Cumhurbaşkanlığı Hukuk Politikaları Kurulu, Türkiye'de milyonlarca çalışanı ilgilendiren iş kanunlarında kapsamlı bir değişiklik çalışması başlattı. Bu kapsamda, 1952 tarihli Basın İş Kanunu, 1967 tarihli Deniz İş Kanunu ve tüm çalışanları kapsayan 2003 tarihli İş Kanunu'nda değişiklikler yapılacak.
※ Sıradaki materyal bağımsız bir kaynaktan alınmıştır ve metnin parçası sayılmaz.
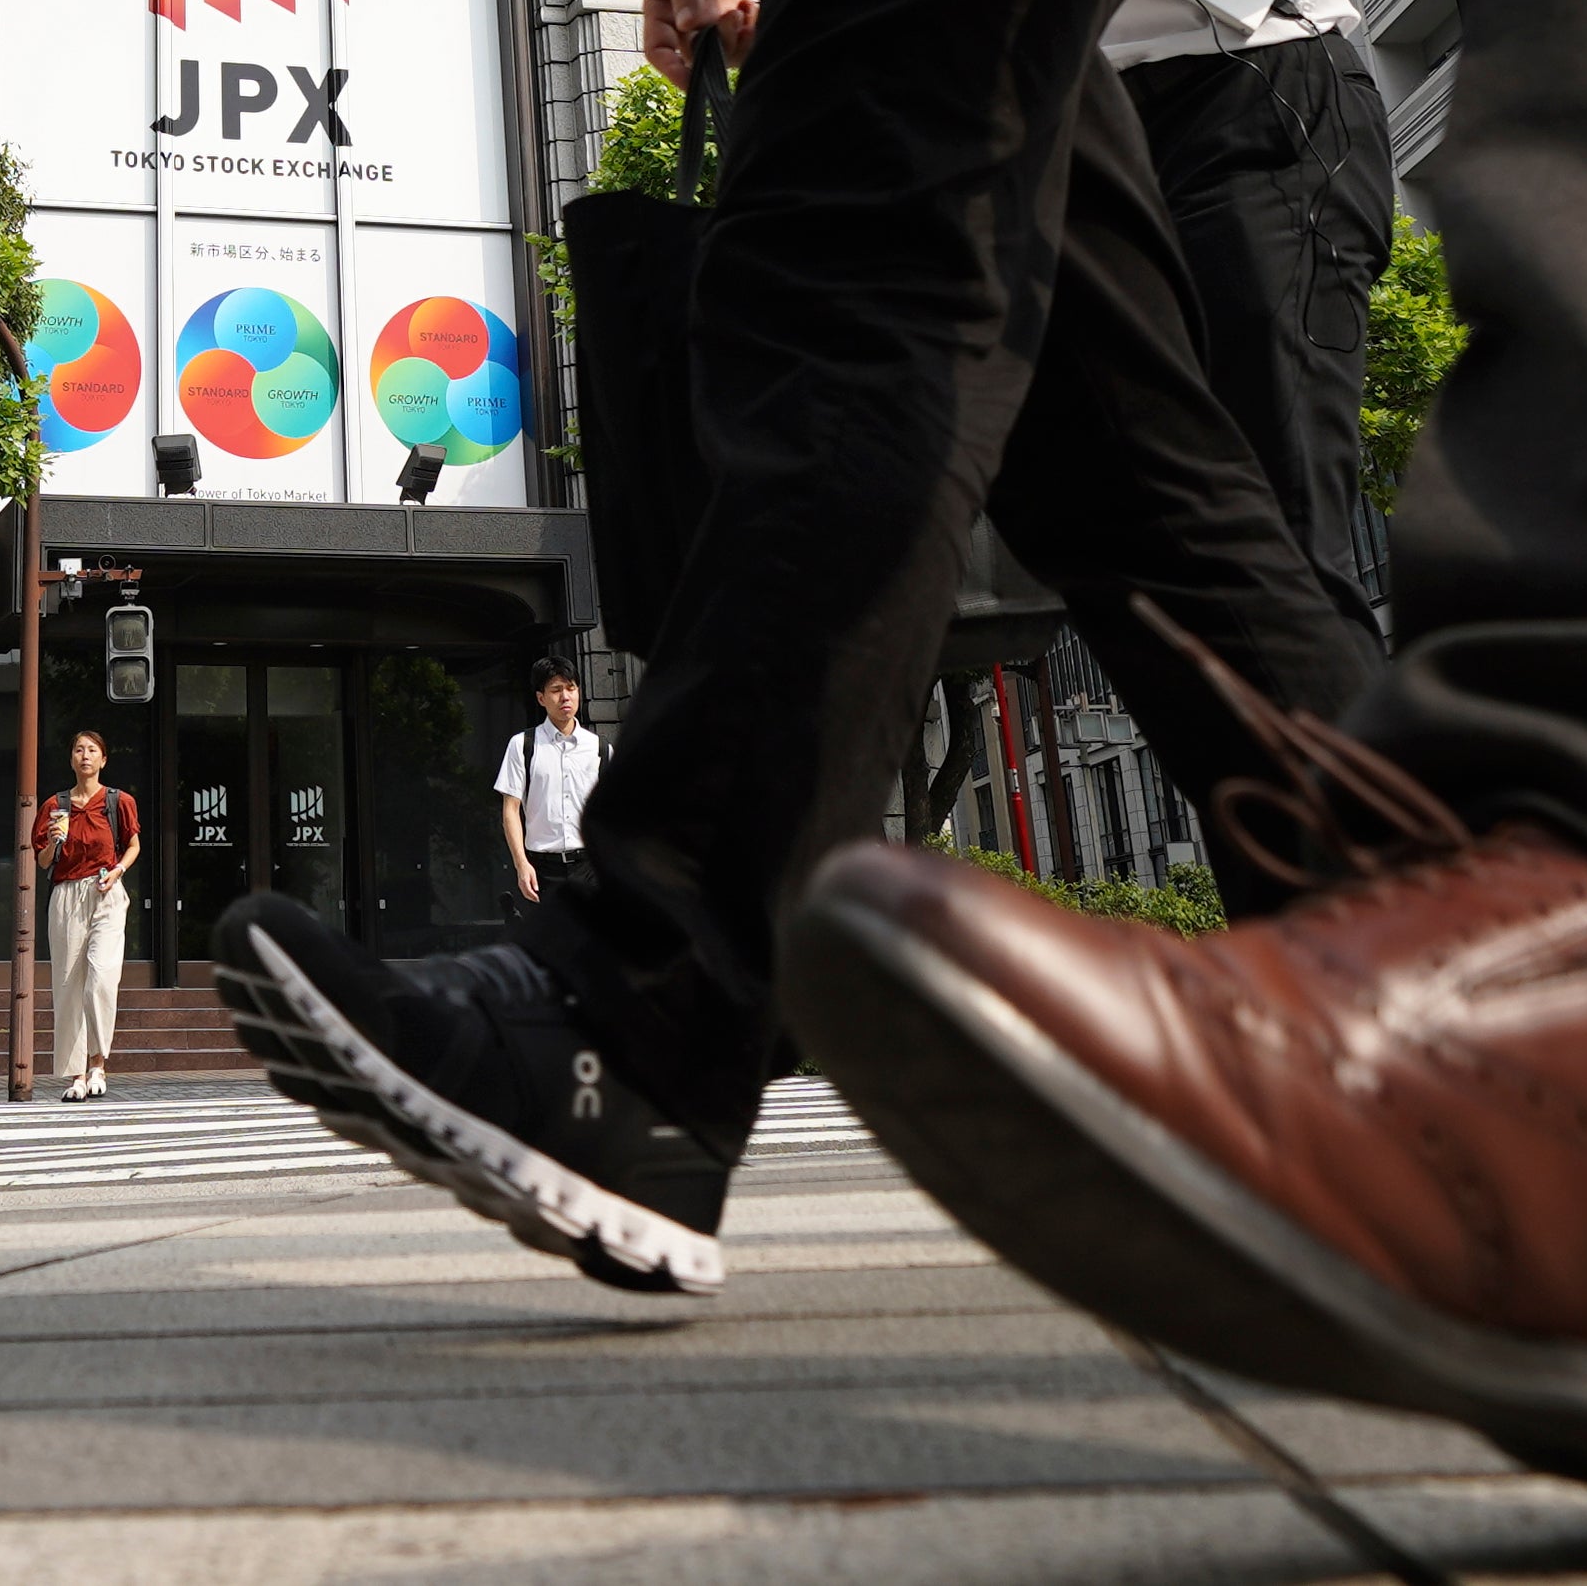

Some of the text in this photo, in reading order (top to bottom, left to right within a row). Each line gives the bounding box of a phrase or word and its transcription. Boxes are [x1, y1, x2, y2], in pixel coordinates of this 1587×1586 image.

[150, 59, 353, 146] JPX
[110, 149, 393, 181] TOKYO STOCK EXCHANGE
[189, 242, 321, 262] 新市場区分、始まる
[44, 327, 69, 335] TOKYO
[236, 324, 276, 336] PRIME
[243, 335, 268, 343] TOKYO
[420, 333, 478, 344] STANDARD
[62, 382, 124, 394] STANDARD
[188, 387, 249, 398] STANDARD
[268, 389, 319, 401] GROWTH
[389, 394, 439, 405] GROWTH
[281, 401, 305, 409] TOKYO
[468, 397, 507, 408] PRIME
[194, 488, 327, 502] ower of Tokyo Market
[194, 826, 227, 841] JPX
[292, 826, 324, 841] JPX
Cumhurbaşkanı Recep Tayyip Erdoğan, Türkiye İşveren Sendikaları Konfederasyonu’nun (TİSK) düzenlediği Ortak Paylaşım Forumu’nda yaptığı konuşmada, çalışma hayatına ilişkin mevzuat düzenlemeleri için önemli bir adım atılacağını açıkladı.
İş Kanunları kapsamlı bir şekilde değişecek
Çalışma ve Sosyal Güvenlik Bakanlığı, iş kanunlarındaki değişiklikler konusunda Üçlü Danışma Kurulu'nda işçi ve işveren örgütleri ile yapılan toplantılarda, birleştirilmiş bir kanun yerine ayrı ayrı revizyon yapılması talepleriyle karşılaştı.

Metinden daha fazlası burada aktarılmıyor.